Exercise instructions: Nothing but the lines from the one containing "this 2352×1568 image." through the final line of the data should be repeated, and each must be exact.

[Saved entries]
* * *
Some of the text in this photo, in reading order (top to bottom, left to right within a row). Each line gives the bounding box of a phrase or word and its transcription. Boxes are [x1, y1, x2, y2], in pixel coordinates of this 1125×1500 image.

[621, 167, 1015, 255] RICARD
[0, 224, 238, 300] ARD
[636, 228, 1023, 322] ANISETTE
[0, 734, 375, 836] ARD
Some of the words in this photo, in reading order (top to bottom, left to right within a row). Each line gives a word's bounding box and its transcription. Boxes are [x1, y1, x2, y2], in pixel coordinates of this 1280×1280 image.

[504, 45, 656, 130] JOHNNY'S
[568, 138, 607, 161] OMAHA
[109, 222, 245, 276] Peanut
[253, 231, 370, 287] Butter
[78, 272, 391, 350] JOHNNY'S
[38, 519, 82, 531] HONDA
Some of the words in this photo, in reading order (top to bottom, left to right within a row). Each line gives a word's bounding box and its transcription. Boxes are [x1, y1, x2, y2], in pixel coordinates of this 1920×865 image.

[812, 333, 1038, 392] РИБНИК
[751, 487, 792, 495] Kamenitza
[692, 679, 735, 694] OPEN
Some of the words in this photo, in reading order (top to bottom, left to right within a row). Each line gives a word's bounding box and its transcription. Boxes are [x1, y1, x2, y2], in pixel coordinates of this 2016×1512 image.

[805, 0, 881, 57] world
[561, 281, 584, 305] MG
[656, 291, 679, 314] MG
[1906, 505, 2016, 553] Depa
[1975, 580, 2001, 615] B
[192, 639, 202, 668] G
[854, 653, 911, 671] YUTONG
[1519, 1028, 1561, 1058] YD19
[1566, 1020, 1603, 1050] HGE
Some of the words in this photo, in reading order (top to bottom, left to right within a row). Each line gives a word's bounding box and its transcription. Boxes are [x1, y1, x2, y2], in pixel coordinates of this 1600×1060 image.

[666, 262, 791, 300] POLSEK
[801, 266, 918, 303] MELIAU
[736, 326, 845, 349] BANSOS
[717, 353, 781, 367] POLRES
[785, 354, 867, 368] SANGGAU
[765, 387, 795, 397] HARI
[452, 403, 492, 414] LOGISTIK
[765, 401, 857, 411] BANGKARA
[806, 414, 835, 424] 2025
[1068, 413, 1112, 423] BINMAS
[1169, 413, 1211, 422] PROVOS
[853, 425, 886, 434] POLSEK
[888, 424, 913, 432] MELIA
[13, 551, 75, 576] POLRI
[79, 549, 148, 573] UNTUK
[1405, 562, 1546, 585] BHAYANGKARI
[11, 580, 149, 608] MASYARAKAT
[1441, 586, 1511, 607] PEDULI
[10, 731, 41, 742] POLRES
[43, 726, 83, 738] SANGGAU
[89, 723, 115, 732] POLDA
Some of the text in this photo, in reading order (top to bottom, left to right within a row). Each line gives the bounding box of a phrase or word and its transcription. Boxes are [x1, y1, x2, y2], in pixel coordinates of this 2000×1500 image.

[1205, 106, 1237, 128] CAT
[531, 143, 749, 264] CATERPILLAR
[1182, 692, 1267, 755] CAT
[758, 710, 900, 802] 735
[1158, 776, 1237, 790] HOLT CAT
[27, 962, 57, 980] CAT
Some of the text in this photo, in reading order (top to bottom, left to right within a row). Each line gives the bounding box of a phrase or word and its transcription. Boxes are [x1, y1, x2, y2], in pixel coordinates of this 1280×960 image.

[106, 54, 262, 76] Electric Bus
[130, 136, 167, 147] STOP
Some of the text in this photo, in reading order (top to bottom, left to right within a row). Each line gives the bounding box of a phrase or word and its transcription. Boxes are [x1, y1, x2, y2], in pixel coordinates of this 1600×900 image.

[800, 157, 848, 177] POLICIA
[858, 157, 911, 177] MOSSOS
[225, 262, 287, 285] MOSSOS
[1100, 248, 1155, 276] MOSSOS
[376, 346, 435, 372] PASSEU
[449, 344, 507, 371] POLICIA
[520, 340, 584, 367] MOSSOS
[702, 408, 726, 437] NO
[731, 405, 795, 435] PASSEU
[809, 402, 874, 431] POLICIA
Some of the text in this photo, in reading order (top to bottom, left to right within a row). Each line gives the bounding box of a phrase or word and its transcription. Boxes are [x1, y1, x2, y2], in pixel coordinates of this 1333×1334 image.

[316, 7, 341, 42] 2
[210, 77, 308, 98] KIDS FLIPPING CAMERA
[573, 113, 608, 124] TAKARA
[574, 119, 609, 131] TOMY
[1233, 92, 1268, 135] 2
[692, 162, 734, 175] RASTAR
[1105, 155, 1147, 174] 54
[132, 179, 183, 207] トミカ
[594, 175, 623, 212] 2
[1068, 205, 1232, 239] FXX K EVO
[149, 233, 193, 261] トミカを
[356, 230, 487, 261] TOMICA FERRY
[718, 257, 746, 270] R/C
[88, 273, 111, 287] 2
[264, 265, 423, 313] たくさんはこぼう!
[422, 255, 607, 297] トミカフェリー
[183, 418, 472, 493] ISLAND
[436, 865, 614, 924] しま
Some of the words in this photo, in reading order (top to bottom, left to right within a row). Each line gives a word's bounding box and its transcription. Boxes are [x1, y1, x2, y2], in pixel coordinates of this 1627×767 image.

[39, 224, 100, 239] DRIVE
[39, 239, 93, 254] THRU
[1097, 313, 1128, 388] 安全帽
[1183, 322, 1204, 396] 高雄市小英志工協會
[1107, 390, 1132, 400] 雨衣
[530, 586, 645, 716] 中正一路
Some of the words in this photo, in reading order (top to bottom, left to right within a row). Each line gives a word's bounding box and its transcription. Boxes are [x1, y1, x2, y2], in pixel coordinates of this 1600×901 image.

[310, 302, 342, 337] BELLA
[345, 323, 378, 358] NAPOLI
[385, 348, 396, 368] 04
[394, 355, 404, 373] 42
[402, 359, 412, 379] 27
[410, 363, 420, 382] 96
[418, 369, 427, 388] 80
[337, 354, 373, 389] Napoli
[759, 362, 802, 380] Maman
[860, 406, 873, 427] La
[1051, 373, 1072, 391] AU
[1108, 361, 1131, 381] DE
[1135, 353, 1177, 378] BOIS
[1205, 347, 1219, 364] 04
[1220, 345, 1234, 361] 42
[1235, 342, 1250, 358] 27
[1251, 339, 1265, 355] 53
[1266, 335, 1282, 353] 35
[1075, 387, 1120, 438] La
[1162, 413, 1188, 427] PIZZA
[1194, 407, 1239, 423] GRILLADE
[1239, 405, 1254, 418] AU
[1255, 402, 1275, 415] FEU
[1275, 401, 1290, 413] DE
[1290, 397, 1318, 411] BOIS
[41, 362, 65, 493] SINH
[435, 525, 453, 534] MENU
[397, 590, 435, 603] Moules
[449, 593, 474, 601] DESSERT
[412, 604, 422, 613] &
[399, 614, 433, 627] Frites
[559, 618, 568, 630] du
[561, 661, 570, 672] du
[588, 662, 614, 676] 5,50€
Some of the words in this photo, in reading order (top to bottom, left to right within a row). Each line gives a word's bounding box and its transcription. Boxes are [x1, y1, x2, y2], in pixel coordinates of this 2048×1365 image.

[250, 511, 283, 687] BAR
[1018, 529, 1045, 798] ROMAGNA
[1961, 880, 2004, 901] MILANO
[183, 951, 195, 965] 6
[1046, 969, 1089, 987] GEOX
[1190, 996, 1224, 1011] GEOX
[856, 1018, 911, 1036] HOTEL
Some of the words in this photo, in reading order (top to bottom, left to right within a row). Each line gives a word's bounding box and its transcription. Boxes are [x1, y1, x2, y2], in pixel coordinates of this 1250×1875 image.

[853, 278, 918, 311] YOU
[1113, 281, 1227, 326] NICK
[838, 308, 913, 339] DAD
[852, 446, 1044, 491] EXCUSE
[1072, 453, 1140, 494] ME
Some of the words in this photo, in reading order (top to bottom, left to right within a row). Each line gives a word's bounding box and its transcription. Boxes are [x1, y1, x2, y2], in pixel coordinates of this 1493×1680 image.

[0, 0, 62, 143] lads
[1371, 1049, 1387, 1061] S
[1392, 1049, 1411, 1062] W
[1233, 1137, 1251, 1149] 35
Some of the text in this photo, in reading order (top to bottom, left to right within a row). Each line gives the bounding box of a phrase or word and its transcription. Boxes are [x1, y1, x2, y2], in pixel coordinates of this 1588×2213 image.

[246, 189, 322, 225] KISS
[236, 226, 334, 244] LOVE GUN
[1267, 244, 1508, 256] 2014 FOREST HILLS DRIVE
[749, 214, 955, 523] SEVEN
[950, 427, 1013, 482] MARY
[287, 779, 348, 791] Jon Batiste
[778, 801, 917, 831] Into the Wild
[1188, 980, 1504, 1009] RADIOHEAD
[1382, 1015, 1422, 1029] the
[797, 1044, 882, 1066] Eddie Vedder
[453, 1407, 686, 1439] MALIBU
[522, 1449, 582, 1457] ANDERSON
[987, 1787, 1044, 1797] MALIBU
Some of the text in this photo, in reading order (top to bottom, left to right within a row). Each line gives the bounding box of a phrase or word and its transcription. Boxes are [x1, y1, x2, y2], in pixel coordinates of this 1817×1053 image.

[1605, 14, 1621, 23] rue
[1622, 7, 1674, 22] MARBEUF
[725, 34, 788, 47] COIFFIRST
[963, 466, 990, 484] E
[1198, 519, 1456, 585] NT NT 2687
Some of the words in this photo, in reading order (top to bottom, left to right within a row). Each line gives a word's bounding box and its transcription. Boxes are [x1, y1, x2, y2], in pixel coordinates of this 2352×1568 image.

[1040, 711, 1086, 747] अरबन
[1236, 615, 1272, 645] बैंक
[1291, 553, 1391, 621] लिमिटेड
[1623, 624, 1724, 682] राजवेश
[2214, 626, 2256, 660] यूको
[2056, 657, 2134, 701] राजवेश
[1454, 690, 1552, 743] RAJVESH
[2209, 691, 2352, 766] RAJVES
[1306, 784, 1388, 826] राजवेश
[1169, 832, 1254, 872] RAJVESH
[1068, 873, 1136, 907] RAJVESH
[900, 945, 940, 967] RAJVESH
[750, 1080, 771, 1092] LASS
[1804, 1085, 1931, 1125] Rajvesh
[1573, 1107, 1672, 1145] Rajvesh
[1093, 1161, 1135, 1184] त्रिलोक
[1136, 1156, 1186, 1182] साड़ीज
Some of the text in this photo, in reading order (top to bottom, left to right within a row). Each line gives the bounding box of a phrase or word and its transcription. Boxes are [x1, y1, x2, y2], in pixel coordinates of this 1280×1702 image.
* * *
Solution to this exercise:
Some of the words in this photo, in reading order (top to bottom, left to right within a row). Each line gives a word's bounding box and its transcription. Boxes are [x1, y1, x2, y2], in pixel coordinates of this 2352×1568 image.

[1040, 711, 1086, 747] अरबन
[1236, 615, 1272, 645] बैंक
[1291, 553, 1391, 621] लिमिटेड
[1623, 624, 1724, 682] राजवेश
[2214, 626, 2256, 660] यूको
[2056, 657, 2134, 701] राजवेश
[1454, 690, 1552, 743] RAJVESH
[2209, 691, 2352, 766] RAJVES
[1306, 784, 1388, 826] राजवेश
[1169, 832, 1254, 872] RAJVESH
[1068, 873, 1136, 907] RAJVESH
[900, 945, 940, 967] RAJVESH
[750, 1080, 771, 1092] LASS
[1804, 1085, 1931, 1125] Rajvesh
[1573, 1107, 1672, 1145] Rajvesh
[1093, 1161, 1135, 1184] त्रिलोक
[1136, 1156, 1186, 1182] साड़ीज
Some of the text in this photo, in reading order (top to bottom, left to right within a row). Each line gives the bounding box of a phrase or word and its transcription. Boxes are [x1, y1, x2, y2], in pixel coordinates of this 1280×1702 image.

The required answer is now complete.